_Saved entries:_

■ ■ ■ ■

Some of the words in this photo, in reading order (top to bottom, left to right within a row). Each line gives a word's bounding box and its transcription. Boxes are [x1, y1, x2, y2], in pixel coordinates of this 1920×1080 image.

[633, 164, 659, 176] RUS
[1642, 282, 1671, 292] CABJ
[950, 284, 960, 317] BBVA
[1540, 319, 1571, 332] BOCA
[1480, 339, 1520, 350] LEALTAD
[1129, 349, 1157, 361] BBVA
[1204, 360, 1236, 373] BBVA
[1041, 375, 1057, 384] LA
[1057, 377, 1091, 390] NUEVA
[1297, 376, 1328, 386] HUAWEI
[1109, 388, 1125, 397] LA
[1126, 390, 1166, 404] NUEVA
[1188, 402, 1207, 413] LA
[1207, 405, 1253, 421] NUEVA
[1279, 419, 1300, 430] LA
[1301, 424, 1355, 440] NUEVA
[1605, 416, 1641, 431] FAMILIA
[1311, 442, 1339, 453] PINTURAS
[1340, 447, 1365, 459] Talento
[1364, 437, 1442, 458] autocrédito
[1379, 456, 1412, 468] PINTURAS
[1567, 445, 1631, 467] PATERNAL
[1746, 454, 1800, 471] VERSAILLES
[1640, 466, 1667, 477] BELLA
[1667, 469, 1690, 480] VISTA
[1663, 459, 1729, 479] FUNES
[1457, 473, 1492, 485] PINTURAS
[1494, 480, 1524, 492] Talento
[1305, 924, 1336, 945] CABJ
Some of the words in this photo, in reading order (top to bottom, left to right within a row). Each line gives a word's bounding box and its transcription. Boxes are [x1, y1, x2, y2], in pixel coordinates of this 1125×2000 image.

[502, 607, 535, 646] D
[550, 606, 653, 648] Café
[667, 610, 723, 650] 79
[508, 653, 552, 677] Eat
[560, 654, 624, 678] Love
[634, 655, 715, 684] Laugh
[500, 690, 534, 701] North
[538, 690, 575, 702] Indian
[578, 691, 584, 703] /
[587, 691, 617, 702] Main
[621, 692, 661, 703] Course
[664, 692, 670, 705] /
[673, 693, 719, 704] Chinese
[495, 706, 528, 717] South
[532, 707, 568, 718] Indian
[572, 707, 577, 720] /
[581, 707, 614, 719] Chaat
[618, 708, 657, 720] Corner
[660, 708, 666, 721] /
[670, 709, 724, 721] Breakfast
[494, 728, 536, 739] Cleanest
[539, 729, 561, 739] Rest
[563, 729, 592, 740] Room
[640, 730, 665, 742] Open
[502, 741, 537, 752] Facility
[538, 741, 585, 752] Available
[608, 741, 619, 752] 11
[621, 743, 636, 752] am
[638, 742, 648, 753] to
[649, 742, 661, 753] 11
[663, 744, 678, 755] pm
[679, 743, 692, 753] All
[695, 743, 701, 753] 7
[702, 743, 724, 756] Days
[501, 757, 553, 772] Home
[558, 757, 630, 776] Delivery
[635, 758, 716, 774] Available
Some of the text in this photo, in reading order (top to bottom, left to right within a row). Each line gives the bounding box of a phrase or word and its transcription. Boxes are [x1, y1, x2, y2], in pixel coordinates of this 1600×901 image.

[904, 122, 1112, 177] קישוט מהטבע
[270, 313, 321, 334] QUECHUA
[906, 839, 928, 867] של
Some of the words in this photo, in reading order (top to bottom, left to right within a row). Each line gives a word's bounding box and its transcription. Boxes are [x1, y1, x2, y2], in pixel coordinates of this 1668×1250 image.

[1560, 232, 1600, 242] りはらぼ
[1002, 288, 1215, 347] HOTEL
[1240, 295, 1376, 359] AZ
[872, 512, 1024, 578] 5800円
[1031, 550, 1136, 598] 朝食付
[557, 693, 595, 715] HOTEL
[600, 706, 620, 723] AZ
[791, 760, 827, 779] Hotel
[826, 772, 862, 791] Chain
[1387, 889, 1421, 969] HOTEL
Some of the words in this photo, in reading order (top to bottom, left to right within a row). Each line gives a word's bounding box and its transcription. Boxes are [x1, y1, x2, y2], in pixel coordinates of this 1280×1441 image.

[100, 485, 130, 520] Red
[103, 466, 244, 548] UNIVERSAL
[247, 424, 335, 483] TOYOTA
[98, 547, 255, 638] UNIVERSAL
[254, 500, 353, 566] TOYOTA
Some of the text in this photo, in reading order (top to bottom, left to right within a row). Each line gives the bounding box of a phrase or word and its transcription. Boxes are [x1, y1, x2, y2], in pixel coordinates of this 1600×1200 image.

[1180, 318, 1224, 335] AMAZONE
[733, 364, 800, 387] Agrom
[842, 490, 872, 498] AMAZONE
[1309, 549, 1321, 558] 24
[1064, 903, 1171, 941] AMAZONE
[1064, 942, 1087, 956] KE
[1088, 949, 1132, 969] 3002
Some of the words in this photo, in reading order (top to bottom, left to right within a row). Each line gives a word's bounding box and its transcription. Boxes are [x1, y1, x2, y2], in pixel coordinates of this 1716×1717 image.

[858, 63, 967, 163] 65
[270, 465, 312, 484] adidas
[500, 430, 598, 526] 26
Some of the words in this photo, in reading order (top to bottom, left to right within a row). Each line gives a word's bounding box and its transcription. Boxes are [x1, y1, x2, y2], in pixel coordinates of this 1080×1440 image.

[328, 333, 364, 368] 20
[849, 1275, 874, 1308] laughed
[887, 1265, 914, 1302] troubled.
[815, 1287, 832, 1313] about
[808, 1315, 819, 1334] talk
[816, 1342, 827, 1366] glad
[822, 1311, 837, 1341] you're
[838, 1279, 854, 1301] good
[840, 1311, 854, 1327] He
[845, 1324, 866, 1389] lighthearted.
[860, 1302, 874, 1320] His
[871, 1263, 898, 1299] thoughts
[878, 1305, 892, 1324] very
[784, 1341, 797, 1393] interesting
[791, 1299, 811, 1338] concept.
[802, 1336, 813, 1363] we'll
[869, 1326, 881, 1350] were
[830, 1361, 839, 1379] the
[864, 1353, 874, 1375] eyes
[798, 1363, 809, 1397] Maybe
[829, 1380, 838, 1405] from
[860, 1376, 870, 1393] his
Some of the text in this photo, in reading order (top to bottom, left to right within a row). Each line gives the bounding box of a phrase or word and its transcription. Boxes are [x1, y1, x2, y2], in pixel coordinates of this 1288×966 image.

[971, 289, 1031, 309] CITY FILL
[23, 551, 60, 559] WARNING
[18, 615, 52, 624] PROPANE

■ ■ ■ ■

_Work task:_
Retype the records above so that nothing differs from the original.

_Solved exercise:_
Some of the words in this photo, in reading order (top to bottom, left to right within a row). Each line gives a word's bounding box and its transcription. Boxes are [x1, y1, x2, y2], in pixel coordinates of this 1920×1080 image.

[633, 164, 659, 176] RUS
[1642, 282, 1671, 292] CABJ
[950, 284, 960, 317] BBVA
[1540, 319, 1571, 332] BOCA
[1480, 339, 1520, 350] LEALTAD
[1129, 349, 1157, 361] BBVA
[1204, 360, 1236, 373] BBVA
[1041, 375, 1057, 384] LA
[1057, 377, 1091, 390] NUEVA
[1297, 376, 1328, 386] HUAWEI
[1109, 388, 1125, 397] LA
[1126, 390, 1166, 404] NUEVA
[1188, 402, 1207, 413] LA
[1207, 405, 1253, 421] NUEVA
[1279, 419, 1300, 430] LA
[1301, 424, 1355, 440] NUEVA
[1605, 416, 1641, 431] FAMILIA
[1311, 442, 1339, 453] PINTURAS
[1340, 447, 1365, 459] Talento
[1364, 437, 1442, 458] autocrédito
[1379, 456, 1412, 468] PINTURAS
[1567, 445, 1631, 467] PATERNAL
[1746, 454, 1800, 471] VERSAILLES
[1640, 466, 1667, 477] BELLA
[1667, 469, 1690, 480] VISTA
[1663, 459, 1729, 479] FUNES
[1457, 473, 1492, 485] PINTURAS
[1494, 480, 1524, 492] Talento
[1305, 924, 1336, 945] CABJ
Some of the words in this photo, in reading order (top to bottom, left to right within a row). Each line gives a word's bounding box and its transcription. Boxes are [x1, y1, x2, y2], in pixel coordinates of this 1125×2000 image.

[502, 607, 535, 646] D
[550, 606, 653, 648] Café
[667, 610, 723, 650] 79
[508, 653, 552, 677] Eat
[560, 654, 624, 678] Love
[634, 655, 715, 684] Laugh
[500, 690, 534, 701] North
[538, 690, 575, 702] Indian
[578, 691, 584, 703] /
[587, 691, 617, 702] Main
[621, 692, 661, 703] Course
[664, 692, 670, 705] /
[673, 693, 719, 704] Chinese
[495, 706, 528, 717] South
[532, 707, 568, 718] Indian
[572, 707, 577, 720] /
[581, 707, 614, 719] Chaat
[618, 708, 657, 720] Corner
[660, 708, 666, 721] /
[670, 709, 724, 721] Breakfast
[494, 728, 536, 739] Cleanest
[539, 729, 561, 739] Rest
[563, 729, 592, 740] Room
[640, 730, 665, 742] Open
[502, 741, 537, 752] Facility
[538, 741, 585, 752] Available
[608, 741, 619, 752] 11
[621, 743, 636, 752] am
[638, 742, 648, 753] to
[649, 742, 661, 753] 11
[663, 744, 678, 755] pm
[679, 743, 692, 753] All
[695, 743, 701, 753] 7
[702, 743, 724, 756] Days
[501, 757, 553, 772] Home
[558, 757, 630, 776] Delivery
[635, 758, 716, 774] Available
Some of the text in this photo, in reading order (top to bottom, left to right within a row). Each line gives the bounding box of a phrase or word and its transcription. Boxes are [x1, y1, x2, y2], in pixel coordinates of this 1600×901 image.

[904, 122, 1112, 177] קישוט מהטבע
[270, 313, 321, 334] QUECHUA
[906, 839, 928, 867] של
Some of the words in this photo, in reading order (top to bottom, left to right within a row). Each line gives a word's bounding box and its transcription. Boxes are [x1, y1, x2, y2], in pixel coordinates of this 1668×1250 image.

[1560, 232, 1600, 242] りはらぼ
[1002, 288, 1215, 347] HOTEL
[1240, 295, 1376, 359] AZ
[872, 512, 1024, 578] 5800円
[1031, 550, 1136, 598] 朝食付
[557, 693, 595, 715] HOTEL
[600, 706, 620, 723] AZ
[791, 760, 827, 779] Hotel
[826, 772, 862, 791] Chain
[1387, 889, 1421, 969] HOTEL
Some of the words in this photo, in reading order (top to bottom, left to right within a row). Each line gives a word's bounding box and its transcription. Boxes are [x1, y1, x2, y2], in pixel coordinates of this 1280×1441 image.

[100, 485, 130, 520] Red
[103, 466, 244, 548] UNIVERSAL
[247, 424, 335, 483] TOYOTA
[98, 547, 255, 638] UNIVERSAL
[254, 500, 353, 566] TOYOTA
Some of the text in this photo, in reading order (top to bottom, left to right within a row). Each line gives the bounding box of a phrase or word and its transcription. Boxes are [x1, y1, x2, y2], in pixel coordinates of this 1600×1200 image.

[1180, 318, 1224, 335] AMAZONE
[733, 364, 800, 387] Agrom
[842, 490, 872, 498] AMAZONE
[1309, 549, 1321, 558] 24
[1064, 903, 1171, 941] AMAZONE
[1064, 942, 1087, 956] KE
[1088, 949, 1132, 969] 3002
Some of the words in this photo, in reading order (top to bottom, left to right within a row). Each line gives a word's bounding box and its transcription. Boxes are [x1, y1, x2, y2], in pixel coordinates of this 1716×1717 image.

[858, 63, 967, 163] 65
[270, 465, 312, 484] adidas
[500, 430, 598, 526] 26
Some of the words in this photo, in reading order (top to bottom, left to right within a row). Each line gives a word's bounding box and its transcription. Boxes are [x1, y1, x2, y2], in pixel coordinates of this 1080×1440 image.

[328, 333, 364, 368] 20
[849, 1275, 874, 1308] laughed
[887, 1265, 914, 1302] troubled.
[815, 1287, 832, 1313] about
[808, 1315, 819, 1334] talk
[816, 1342, 827, 1366] glad
[822, 1311, 837, 1341] you're
[838, 1279, 854, 1301] good
[840, 1311, 854, 1327] He
[845, 1324, 866, 1389] lighthearted.
[860, 1302, 874, 1320] His
[871, 1263, 898, 1299] thoughts
[878, 1305, 892, 1324] very
[784, 1341, 797, 1393] interesting
[791, 1299, 811, 1338] concept.
[802, 1336, 813, 1363] we'll
[869, 1326, 881, 1350] were
[830, 1361, 839, 1379] the
[864, 1353, 874, 1375] eyes
[798, 1363, 809, 1397] Maybe
[829, 1380, 838, 1405] from
[860, 1376, 870, 1393] his
Some of the text in this photo, in reading order (top to bottom, left to right within a row). Each line gives the bounding box of a phrase or word and its transcription. Boxes are [x1, y1, x2, y2], in pixel coordinates of this 1288×966 image.

[971, 289, 1031, 309] CITY FILL
[23, 551, 60, 559] WARNING
[18, 615, 52, 624] PROPANE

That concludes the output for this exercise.